Football in Brazil
- Season: 1973

= 1973 in Brazilian football =

The following article presents a summary of the 1973 football (soccer) season in Brazil, which was the 72nd season of competitive football in the country.

==Campeonato Brasileiro Série A==

Final Stage

| Position | Team | Points | Played | Won | Drawn | Lost | For | Against | Difference |
|---|---|---|---|---|---|---|---|---|---|
| 1 | Palmeiras | 5 | 3 | 2 | 1 | 0 | 3 | 1 | 2 |
| 2 | São Paulo | 3 | 3 | 1 | 1 | 1 | 4 | 2 | 2 |
| 3 | Cruzeiro | 2 | 3 | 1 | 0 | 2 | 1 | 2 | -1 |
| 4 | Internacional | 2 | 3 | 1 | 0 | 2 | 3 | 6 | -3 |

Palmeiras declared as the Campeonato Brasileiro champions.

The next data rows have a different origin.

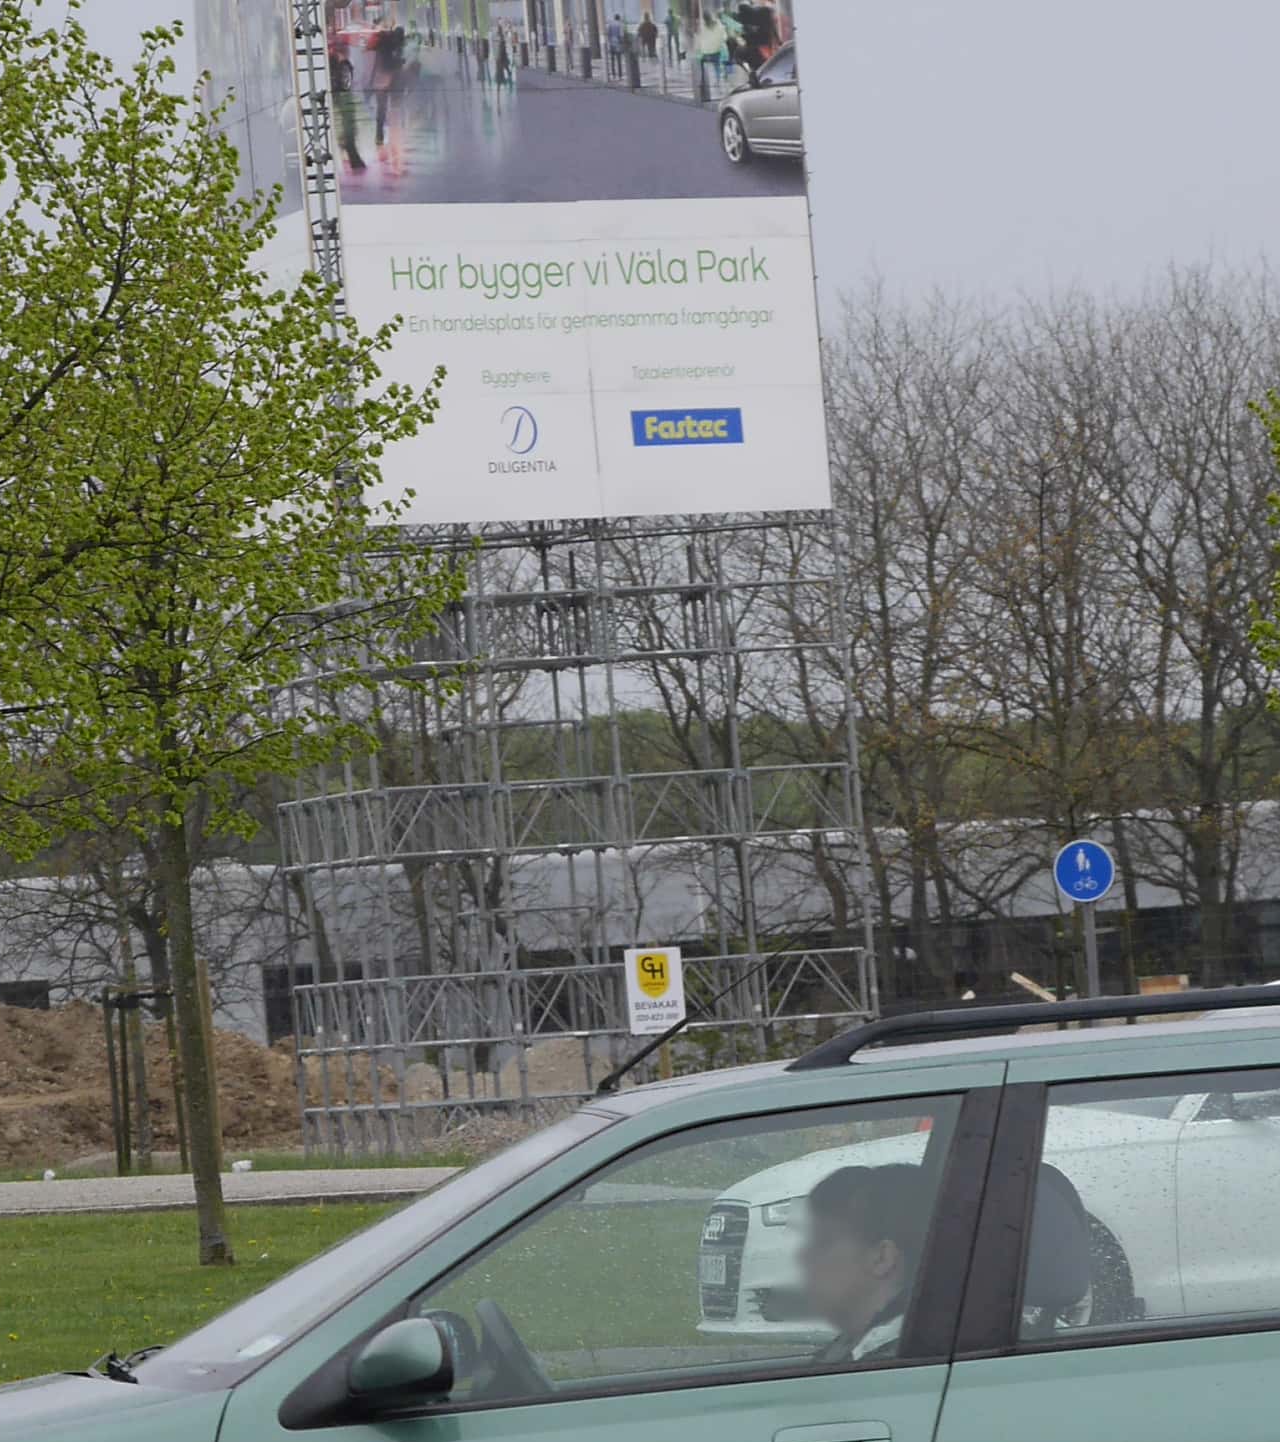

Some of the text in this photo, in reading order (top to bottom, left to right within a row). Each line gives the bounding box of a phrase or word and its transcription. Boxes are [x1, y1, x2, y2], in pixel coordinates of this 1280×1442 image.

[390, 247, 770, 300] Här bygger vi Väla Park
[408, 315, 432, 333] En
[432, 312, 535, 335] handelsplats
[561, 312, 678, 334] gemensamma
[680, 305, 773, 329] framgångar
[645, 415, 729, 440] Fastec
[488, 460, 557, 474] DILIGENTIA

==State championship champions==

| State | Champion |  | State | Champion |
|---|---|---|---|---|
| Acre | Rio Branco-AC |  | Pará | Remo |
| Alagoas | CRB |  | Paraíba | Campinense |
| Amapá | Amapá |  | Paraná | Coritiba |
| Amazonas | Rodoviária |  | Pernambuco | Santa Cruz |
| Bahia | Bahia |  | Piauí | River |
| Ceará | Fortaleza |  | Rio de Janeiro | Barbará |
| Distrito Federal | CEUB |  | Rio Grande do Norte | ABC |
| Espírito Santo | Rio Branco-ES |  | Rio Grande do Sul | Internacional |
| Goiás | Vila Nova |  | Rondônia | São Domingos |
| Guanabara | Fluminense |  | Roraima | - |
| Maranhão | Ferroviário-MA |  | Santa Catarina | Avaí |
| Mato Grosso | Operário (VG) |  | São Paulo | Santos Portuguesa^{(1)} |
| Mato Grosso do Sul | - |  | Sergipe | Itabaiana |
| Minas Gerais | Cruzeiro |  | Tocantins | - |

^{(1)}Santos and Portuguesa shared the São Paulo State Championship title.

==Youth competition champions==

| Competition | Champion |
|---|---|
| Copa São Paulo de Juniores | Fluminense |

==Other competition champions==

| Competition | Champion |
|---|---|
| Taça Minas Gerais | Cruzeiro |
| Torneio do Povo | Coritiba |

==Brazilian clubs in international competitions==

| Team | Copa Libertadores 1973 |
|---|---|
| Botafogo | Semifinals |
| Palmeiras | Group stage |

==Brazil national team==
The following table lists all the games played by the Brazil national football team in official competitions and friendly matches during 1973.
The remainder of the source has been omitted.